> _ACTIVITY_
If a picture appears in the records, skip it; copy everything else exactly.

> _DATA TO EXAMINE_
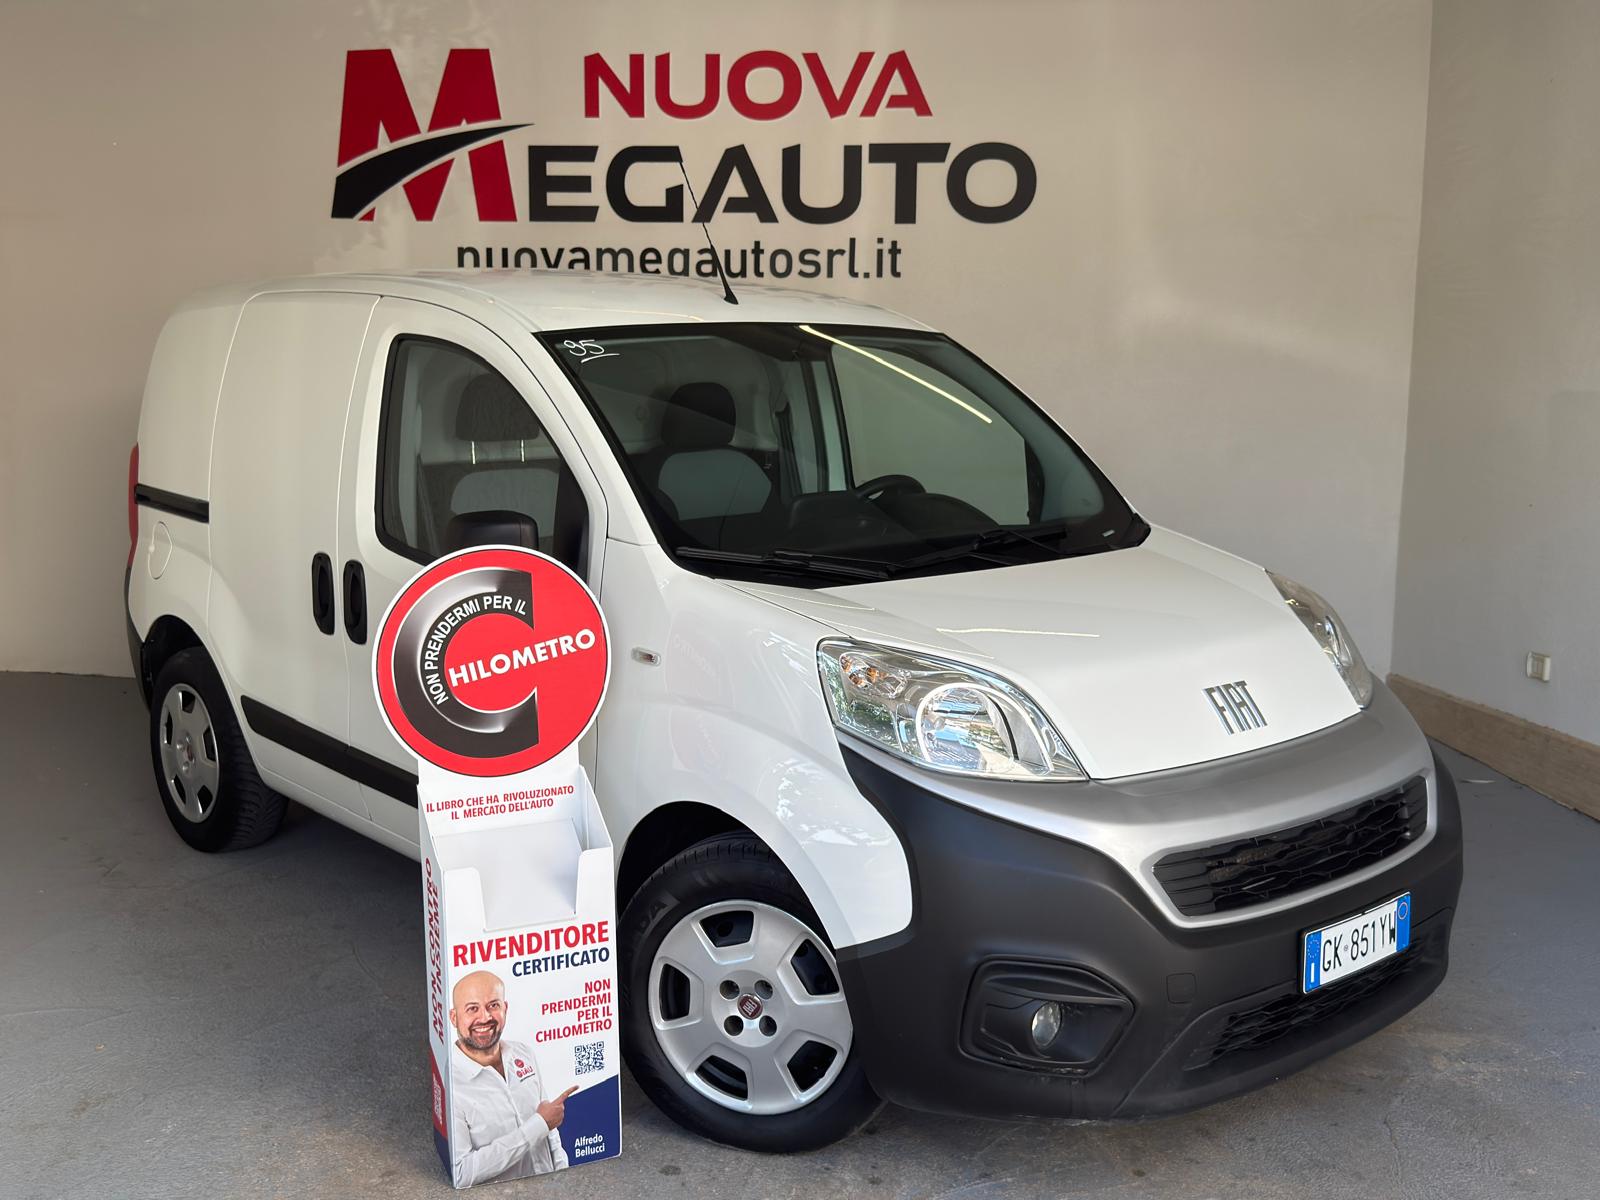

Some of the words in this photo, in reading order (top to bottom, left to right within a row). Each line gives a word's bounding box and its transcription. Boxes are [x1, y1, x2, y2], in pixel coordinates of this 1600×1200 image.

[584, 50, 933, 121] NUOVA
[483, 595, 513, 611] PER
[514, 599, 527, 616] IL
[425, 599, 481, 671] PRENDERMI
[425, 672, 449, 705] NON
[1202, 680, 1268, 735] FIAT
[426, 803, 435, 813] IL
[436, 799, 464, 812] LIBRO
[466, 796, 484, 808] CHE
[486, 794, 499, 804] HA
[503, 785, 574, 803] RIVOLUZIONATO
[451, 811, 460, 820] IL
[463, 803, 506, 819] MERCATO
[508, 798, 554, 813] DELL'AUTO
[453, 920, 609, 967] RIVENDITORE
[1322, 934, 1343, 972] GK
[1350, 911, 1397, 961] 851YW
[512, 947, 610, 977] CERTIFICATO
[584, 978, 611, 994] NON
[541, 992, 612, 1015] PRENDERMI
[577, 1009, 600, 1022] PER
[602, 1006, 613, 1018] IL
[535, 1018, 612, 1043] CHILOMETRO
[574, 1133, 604, 1148] Alfredo
[575, 1144, 605, 1158] Bellucci

> _OUTPUT_
Some of the words in this photo, in reading order (top to bottom, left to right within a row). Each line gives a word's bounding box and its transcription. Boxes are [x1, y1, x2, y2], in pixel coordinates of this 1600×1200 image.

[584, 50, 933, 121] NUOVA
[483, 595, 513, 611] PER
[514, 599, 527, 616] IL
[425, 599, 481, 671] PRENDERMI
[425, 672, 449, 705] NON
[1202, 680, 1268, 735] FIAT
[426, 803, 435, 813] IL
[436, 799, 464, 812] LIBRO
[466, 796, 484, 808] CHE
[486, 794, 499, 804] HA
[503, 785, 574, 803] RIVOLUZIONATO
[451, 811, 460, 820] IL
[463, 803, 506, 819] MERCATO
[508, 798, 554, 813] DELL'AUTO
[453, 920, 609, 967] RIVENDITORE
[1322, 934, 1343, 972] GK
[1350, 911, 1397, 961] 851YW
[512, 947, 610, 977] CERTIFICATO
[584, 978, 611, 994] NON
[541, 992, 612, 1015] PRENDERMI
[577, 1009, 600, 1022] PER
[602, 1006, 613, 1018] IL
[535, 1018, 612, 1043] CHILOMETRO
[574, 1133, 604, 1148] Alfredo
[575, 1144, 605, 1158] Bellucci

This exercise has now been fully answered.